■ Stored data entries:
===============

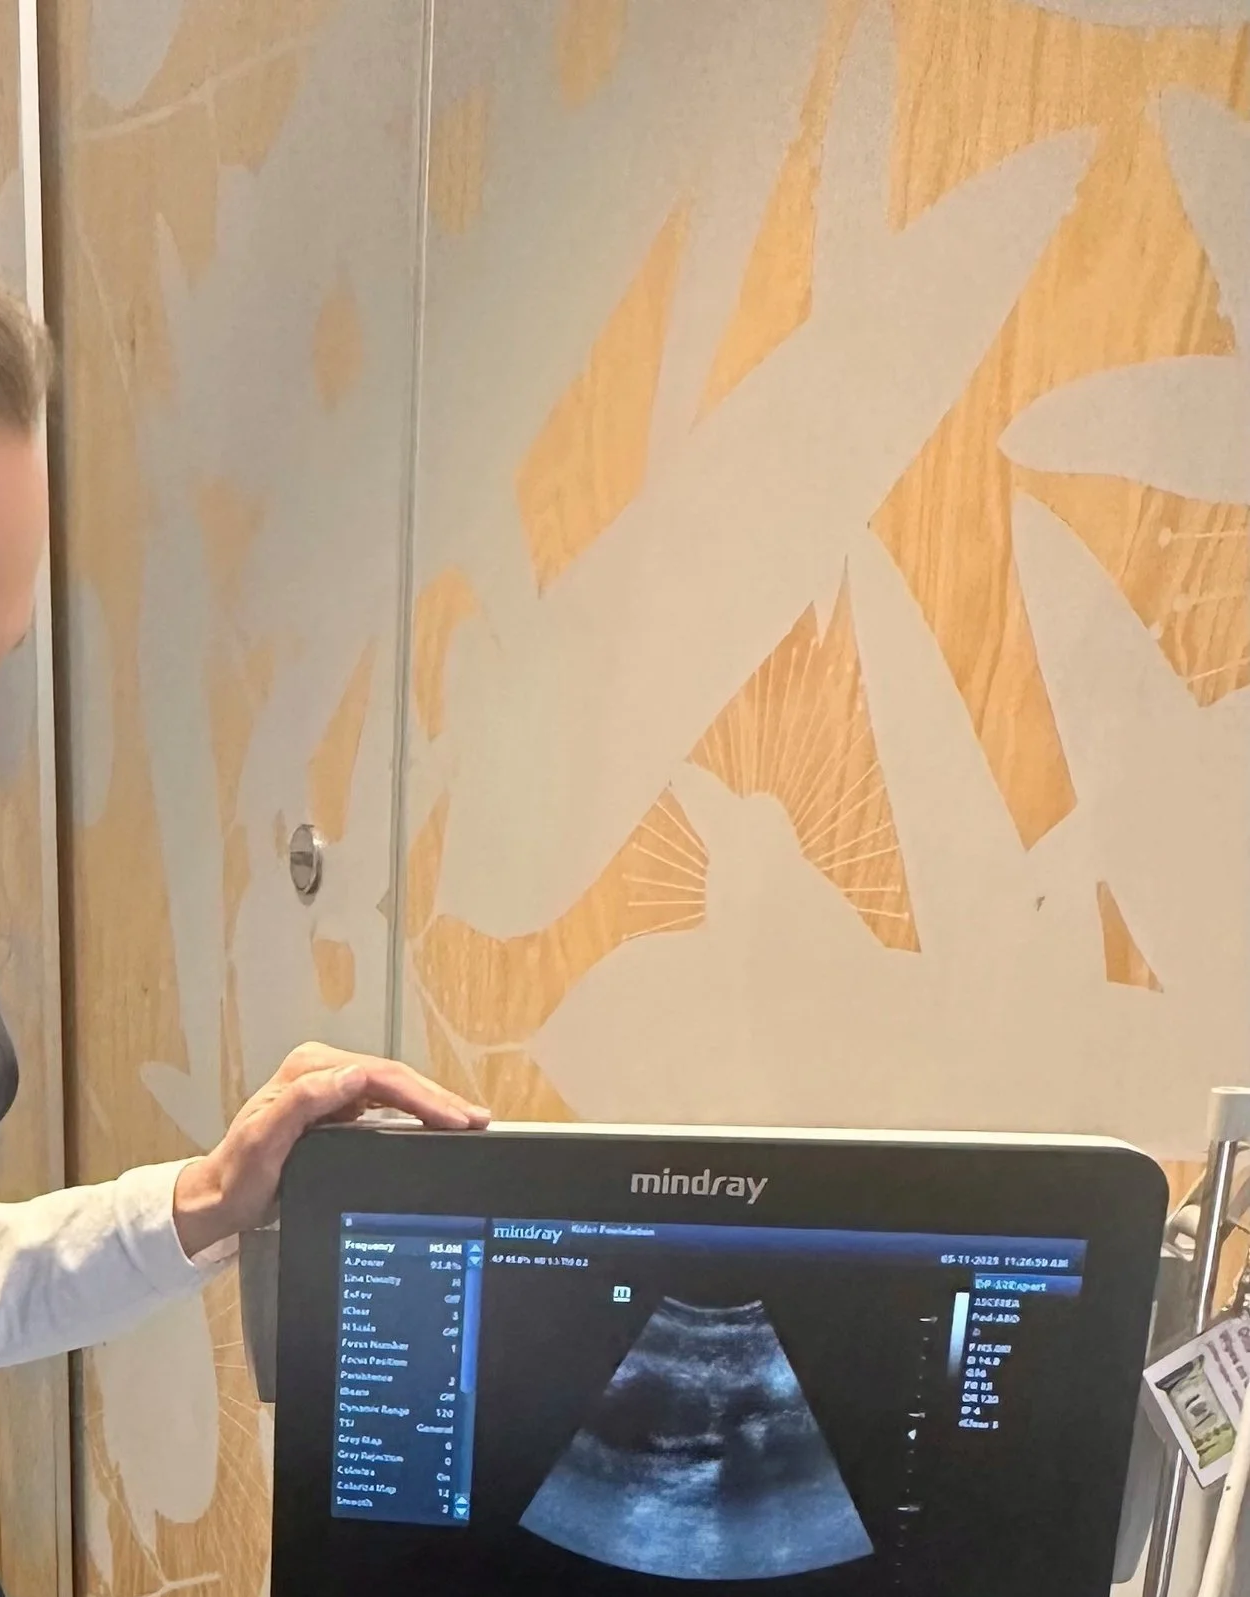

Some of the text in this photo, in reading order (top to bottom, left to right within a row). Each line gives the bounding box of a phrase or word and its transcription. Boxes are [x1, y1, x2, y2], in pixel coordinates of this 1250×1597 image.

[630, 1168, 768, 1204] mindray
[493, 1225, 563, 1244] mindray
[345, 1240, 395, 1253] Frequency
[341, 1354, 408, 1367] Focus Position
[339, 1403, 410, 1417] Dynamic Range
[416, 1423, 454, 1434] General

===============

■ WHAT YOU HAVE TO DO: The response must repeat all the lines above exactly and include no pictures.

■ EXPECTED ANSWER:
Some of the text in this photo, in reading order (top to bottom, left to right within a row). Each line gives the bounding box of a phrase or word and its transcription. Boxes are [x1, y1, x2, y2], in pixel coordinates of this 1250×1597 image.

[630, 1168, 768, 1204] mindray
[493, 1225, 563, 1244] mindray
[345, 1240, 395, 1253] Frequency
[341, 1354, 408, 1367] Focus Position
[339, 1403, 410, 1417] Dynamic Range
[416, 1423, 454, 1434] General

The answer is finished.